Output every entry exactly as written, but omit the pictures.

BEGIN SUPPLIED DATA

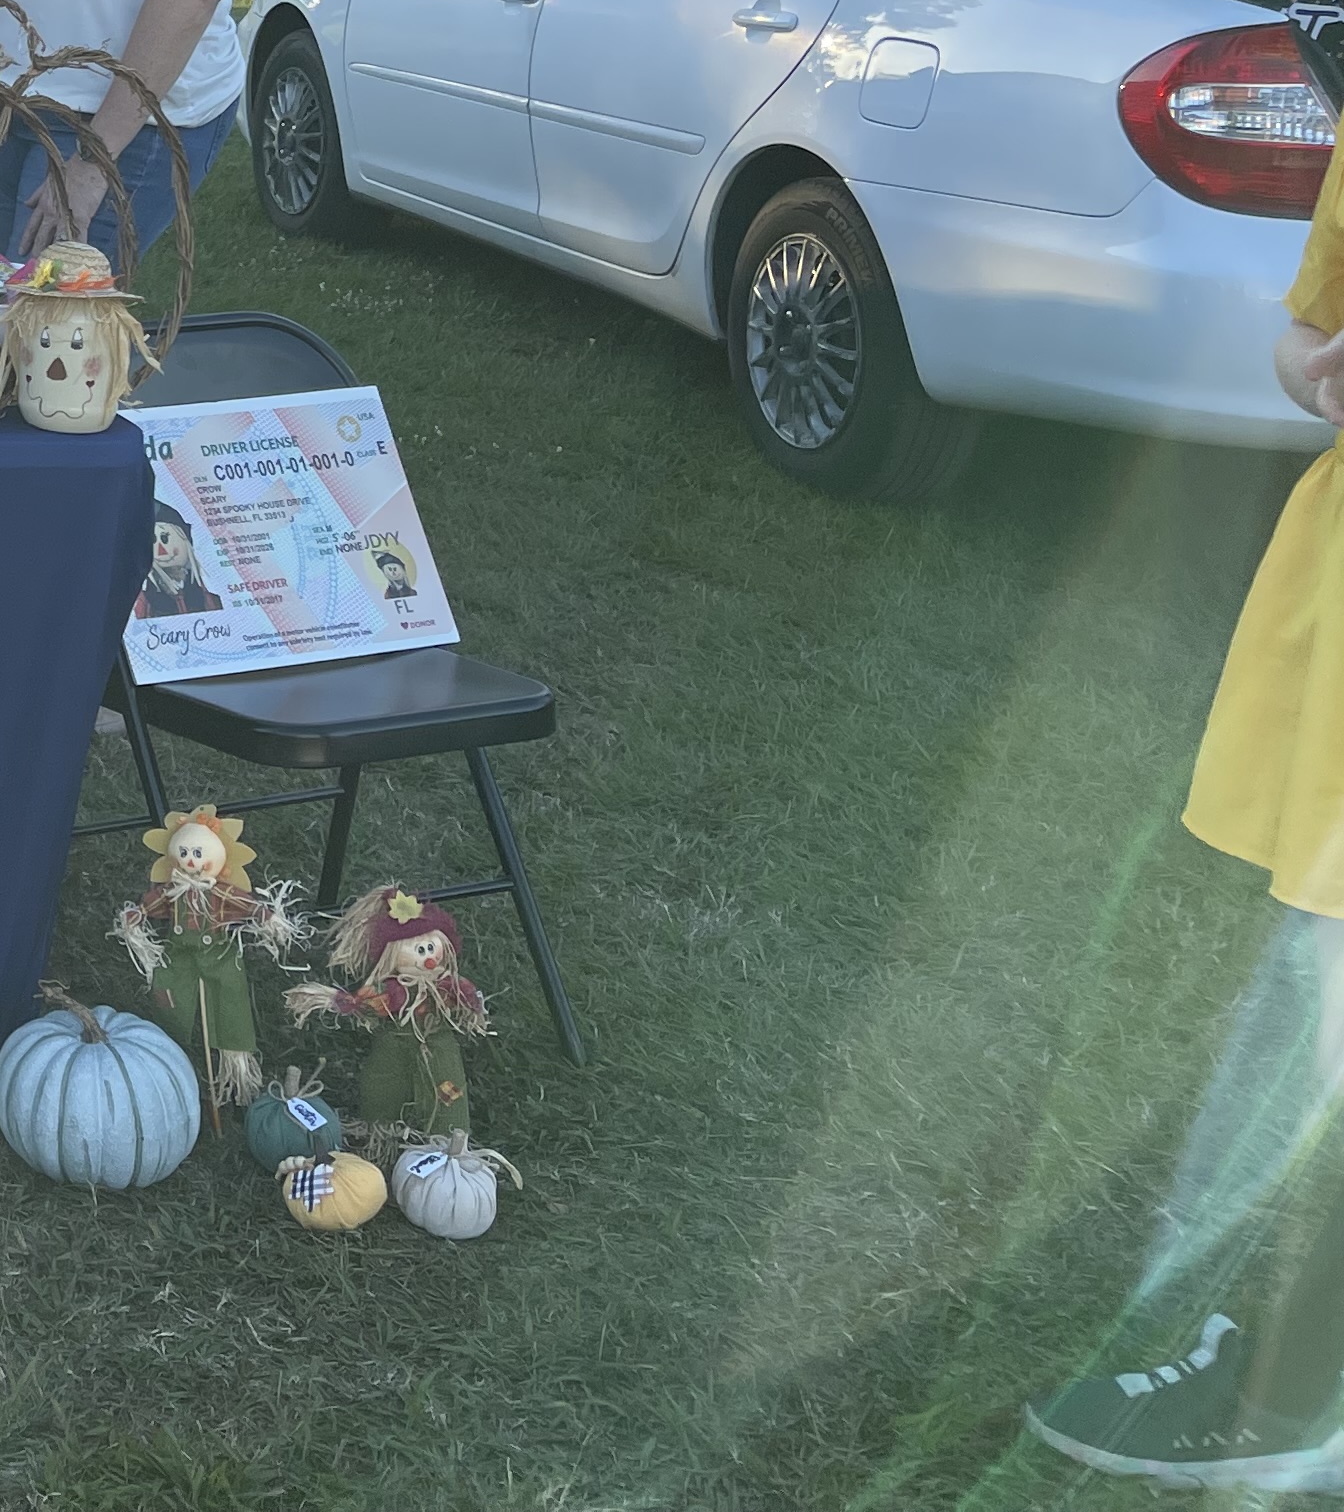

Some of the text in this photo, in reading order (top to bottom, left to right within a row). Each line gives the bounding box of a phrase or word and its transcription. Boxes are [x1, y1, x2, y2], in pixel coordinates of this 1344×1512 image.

[357, 412, 375, 421] USA
[200, 436, 300, 458] DRIVER LICENSE
[213, 450, 355, 481] C001-001-01-001-0
[376, 440, 388, 455] E
[196, 484, 223, 495] CROW
[199, 495, 228, 506] SCARY
[257, 500, 286, 511] HOUSE
[287, 496, 312, 507] DRIVE
[334, 541, 363, 554] NONE
[227, 577, 289, 594] SAFE DRIVER
[393, 598, 414, 615] FL
[409, 619, 436, 629] DONOR
[146, 618, 231, 656] Scary Crow

END SUPPLIED DATA

RESPONSE »
Some of the text in this photo, in reading order (top to bottom, left to right within a row). Each line gives the bounding box of a phrase or word and its transcription. Boxes are [x1, y1, x2, y2], in pixel coordinates of this 1344×1512 image.

[357, 412, 375, 421] USA
[200, 436, 300, 458] DRIVER LICENSE
[213, 450, 355, 481] C001-001-01-001-0
[376, 440, 388, 455] E
[196, 484, 223, 495] CROW
[199, 495, 228, 506] SCARY
[257, 500, 286, 511] HOUSE
[287, 496, 312, 507] DRIVE
[334, 541, 363, 554] NONE
[227, 577, 289, 594] SAFE DRIVER
[393, 598, 414, 615] FL
[409, 619, 436, 629] DONOR
[146, 618, 231, 656] Scary Crow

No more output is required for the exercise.